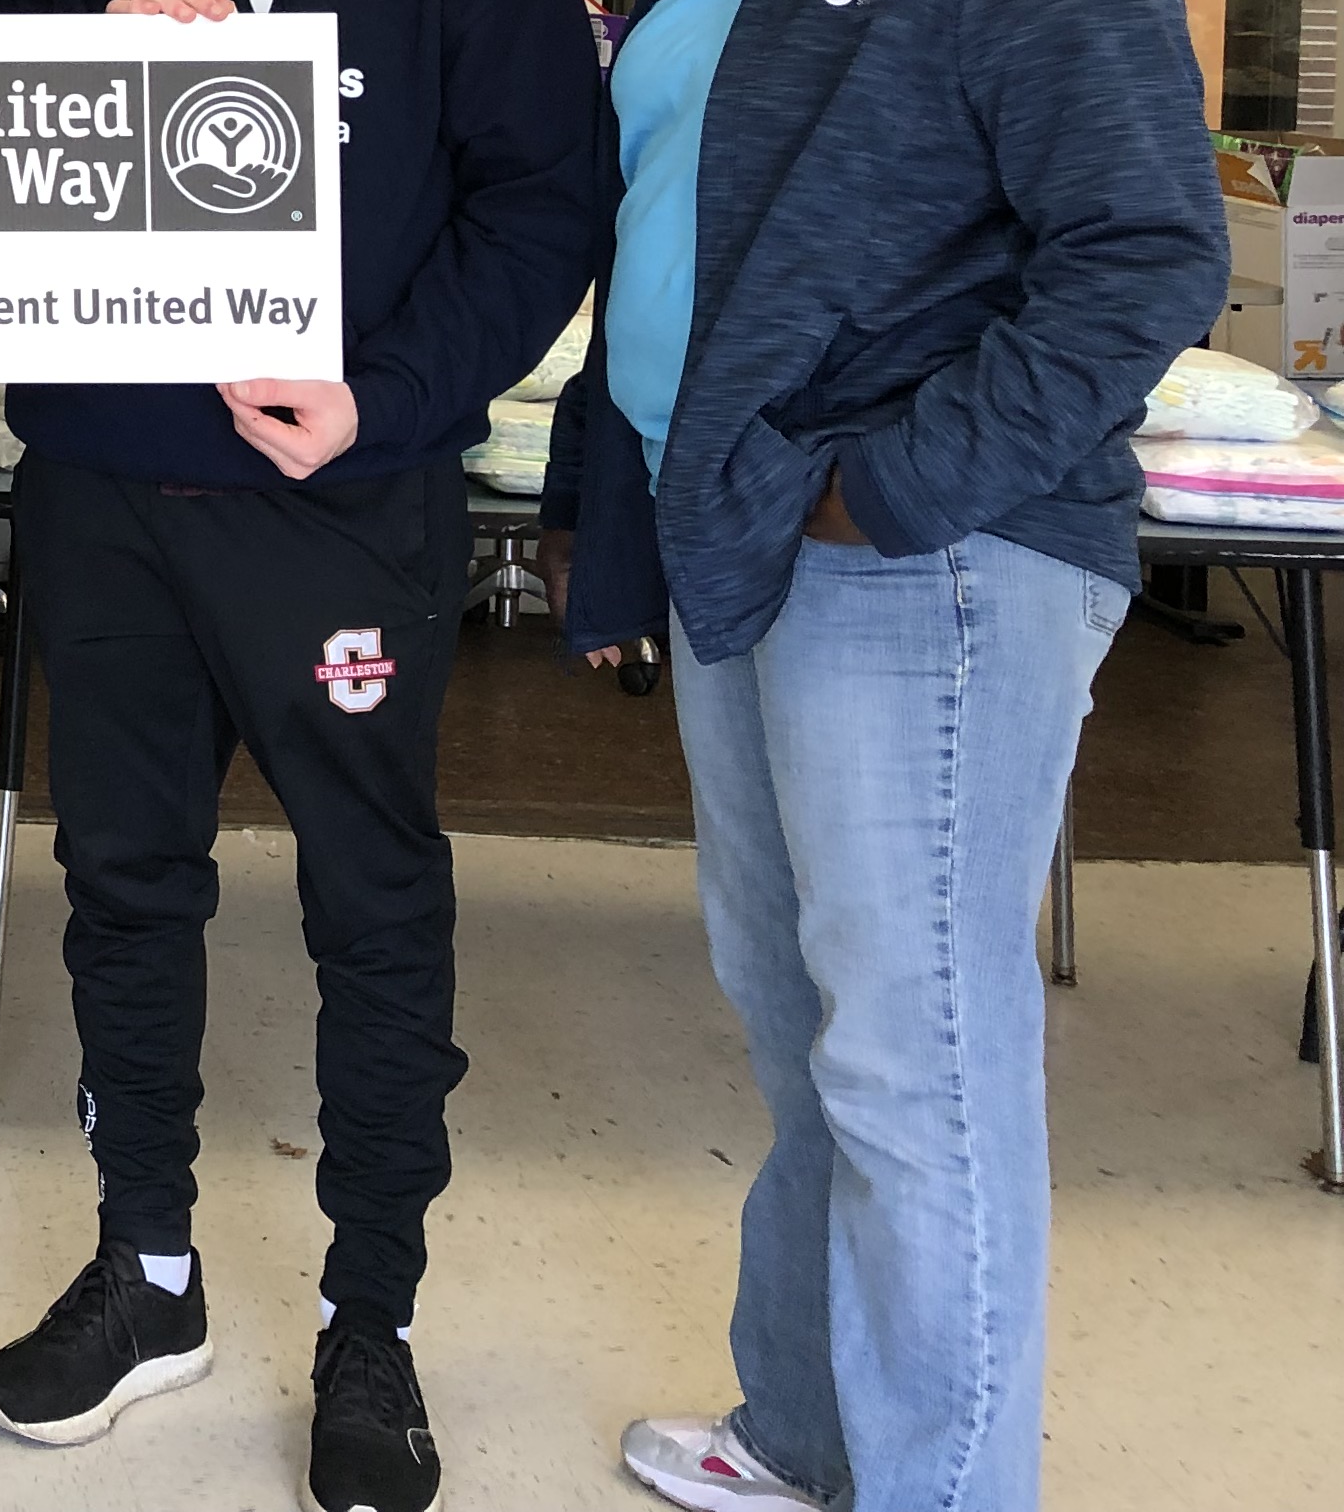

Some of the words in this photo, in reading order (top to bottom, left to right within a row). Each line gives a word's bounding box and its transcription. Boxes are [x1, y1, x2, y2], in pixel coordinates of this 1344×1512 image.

[1, 148, 133, 222] Way
[73, 286, 212, 325] United
[225, 288, 318, 335] Way
[317, 661, 394, 680] CHARLESTON

--------

Where an entry contains an image, leave the image out; otherwise retype everything exactly.

Some of the words in this photo, in reading order (top to bottom, left to right within a row). Each line gives a word's bounding box and its transcription. Boxes are [x1, y1, x2, y2], in pixel coordinates of this 1344×1512 image.

[1, 148, 133, 222] Way
[73, 286, 212, 325] United
[225, 288, 318, 335] Way
[317, 661, 394, 680] CHARLESTON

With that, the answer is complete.